Exercise directions
Print out all of the records exactly; no picture belongs in the result.

Records provided

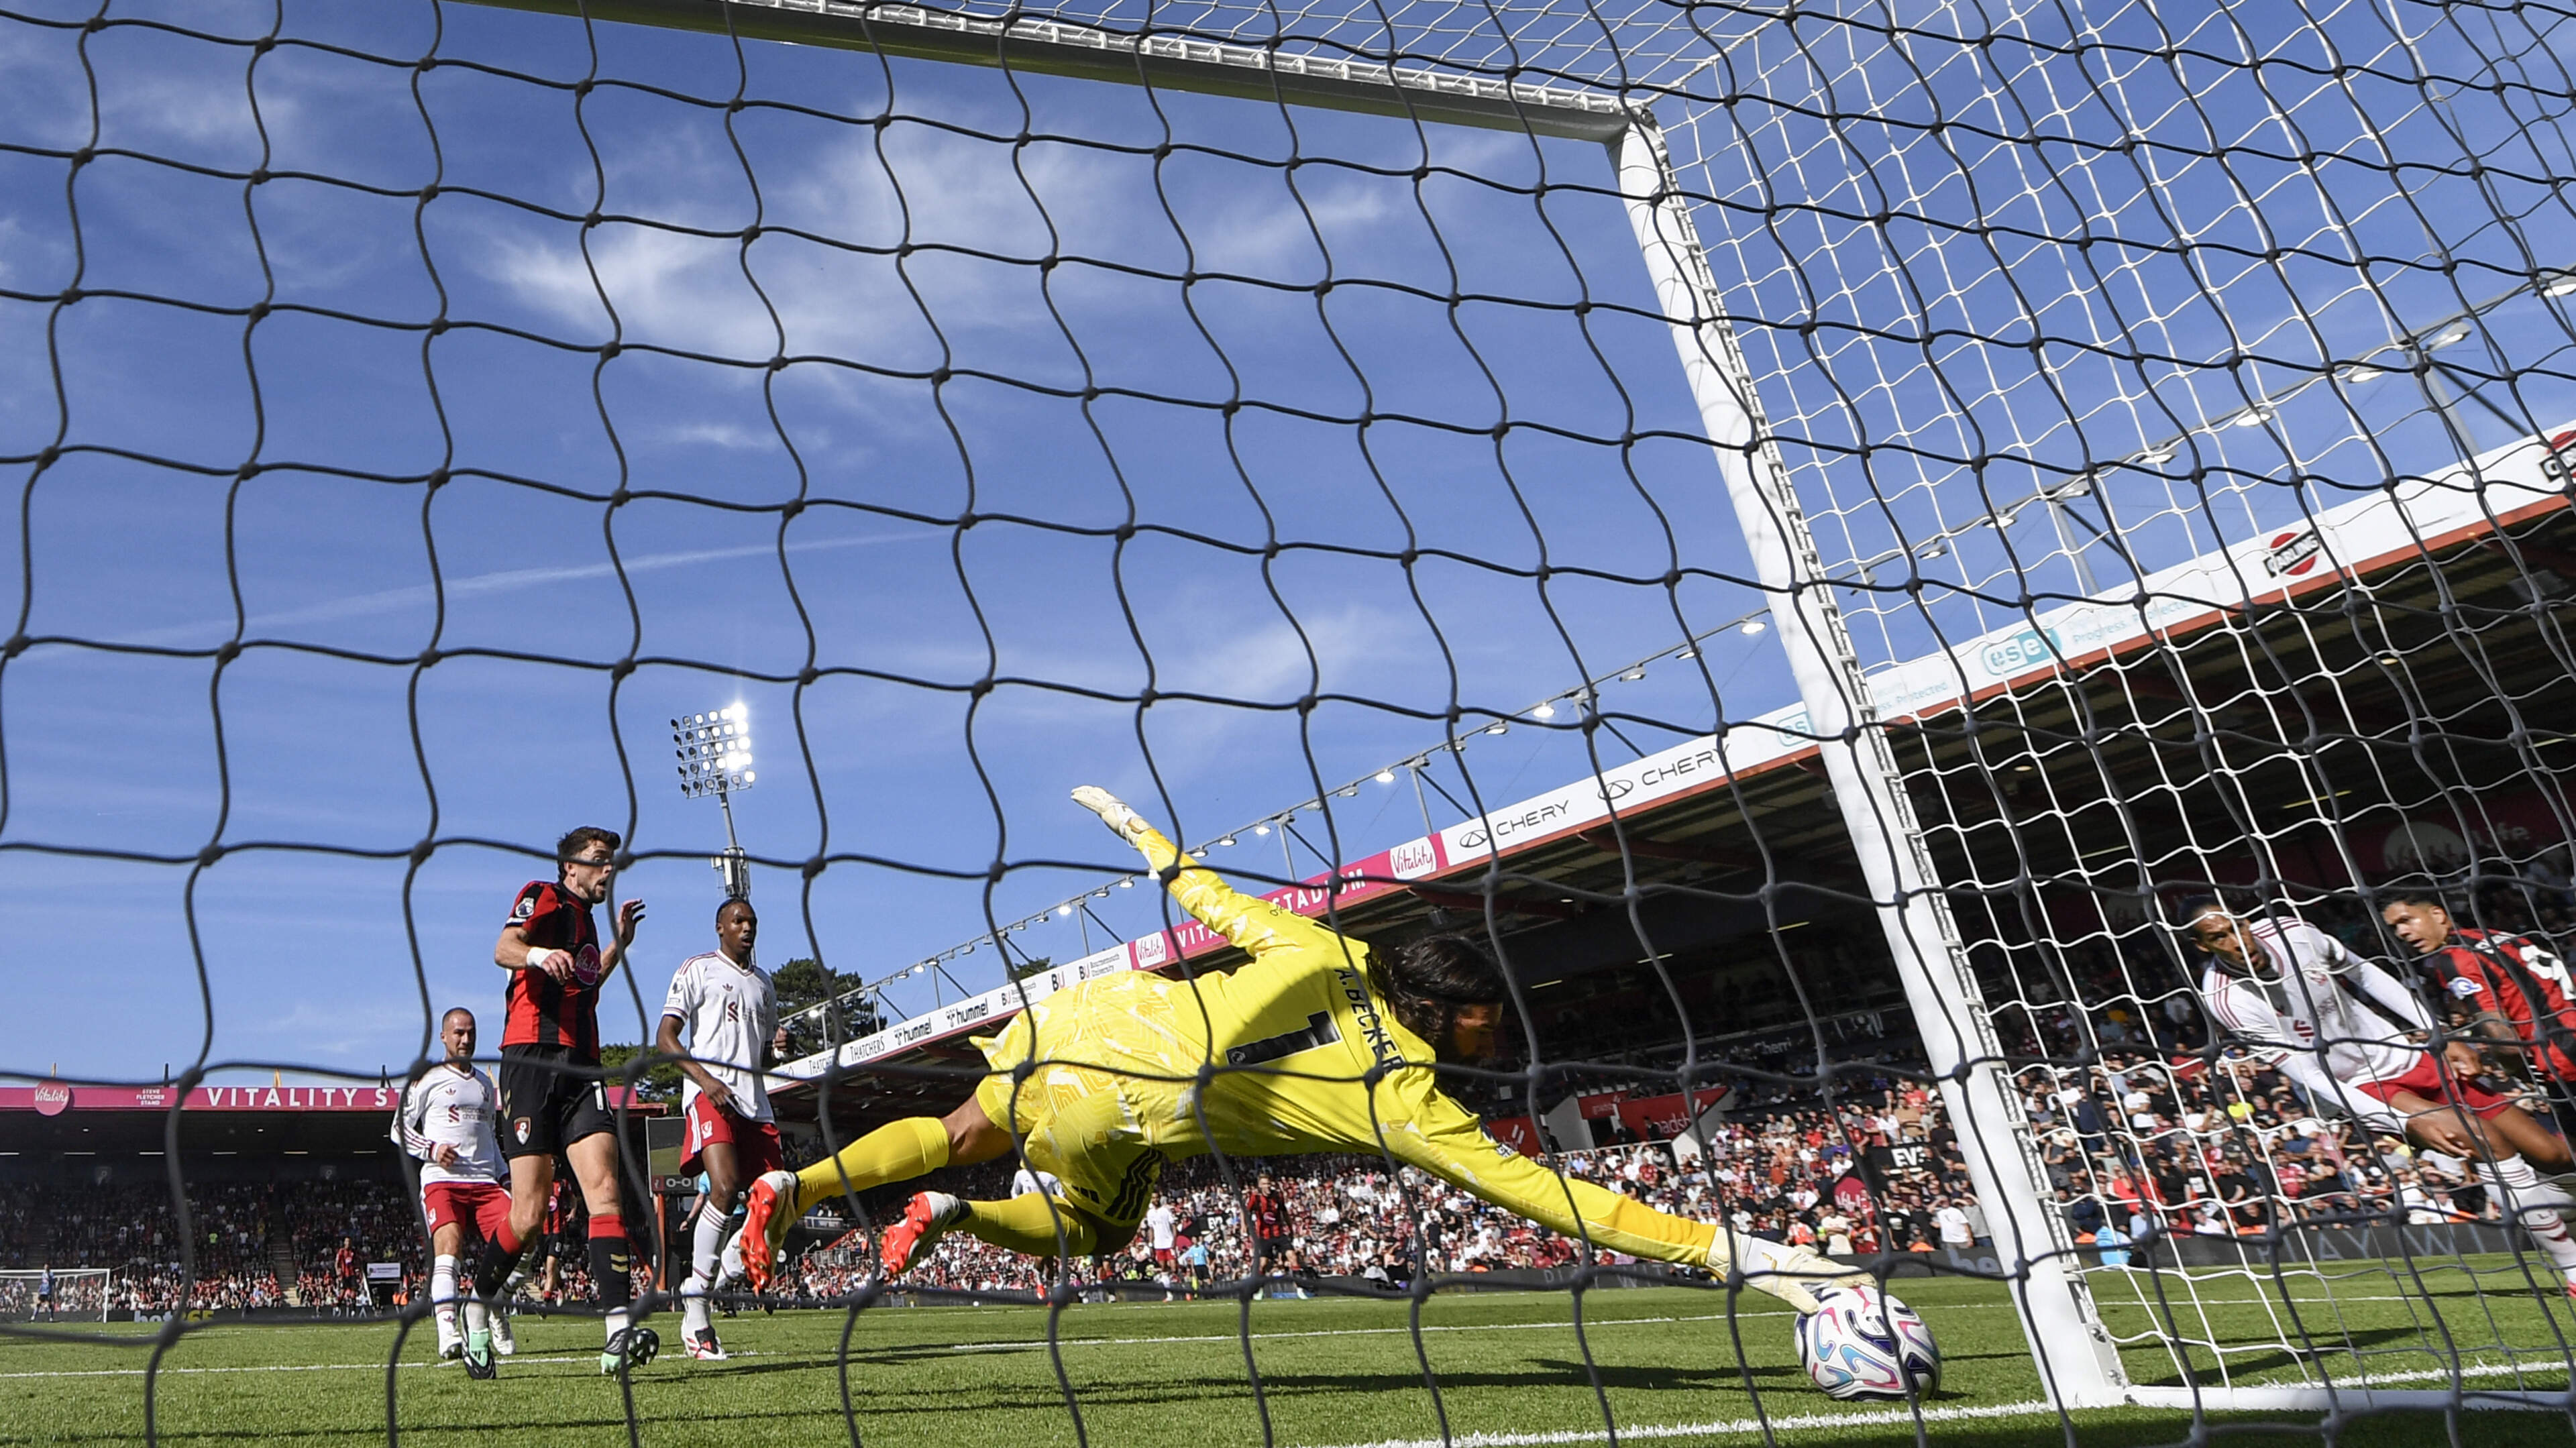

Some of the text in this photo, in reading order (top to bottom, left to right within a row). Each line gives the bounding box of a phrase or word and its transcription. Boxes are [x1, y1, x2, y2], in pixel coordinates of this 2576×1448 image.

[1642, 744, 1730, 787] CHERY
[1496, 800, 1570, 836] CHERY
[1392, 846, 1434, 875] Vitality
[956, 997, 989, 1025] hummel
[903, 1017, 932, 1043] hummel
[1225, 1010, 1342, 1066] 1
[850, 1036, 885, 1062] THATCHERS
[35, 1086, 69, 1106] Vitality
[207, 1088, 358, 1107] VITALITY

Exercise output
Some of the text in this photo, in reading order (top to bottom, left to right within a row). Each line gives the bounding box of a phrase or word and its transcription. Boxes are [x1, y1, x2, y2], in pixel coordinates of this 2576×1448 image.

[1642, 744, 1730, 787] CHERY
[1496, 800, 1570, 836] CHERY
[1392, 846, 1434, 875] Vitality
[956, 997, 989, 1025] hummel
[903, 1017, 932, 1043] hummel
[1225, 1010, 1342, 1066] 1
[850, 1036, 885, 1062] THATCHERS
[35, 1086, 69, 1106] Vitality
[207, 1088, 358, 1107] VITALITY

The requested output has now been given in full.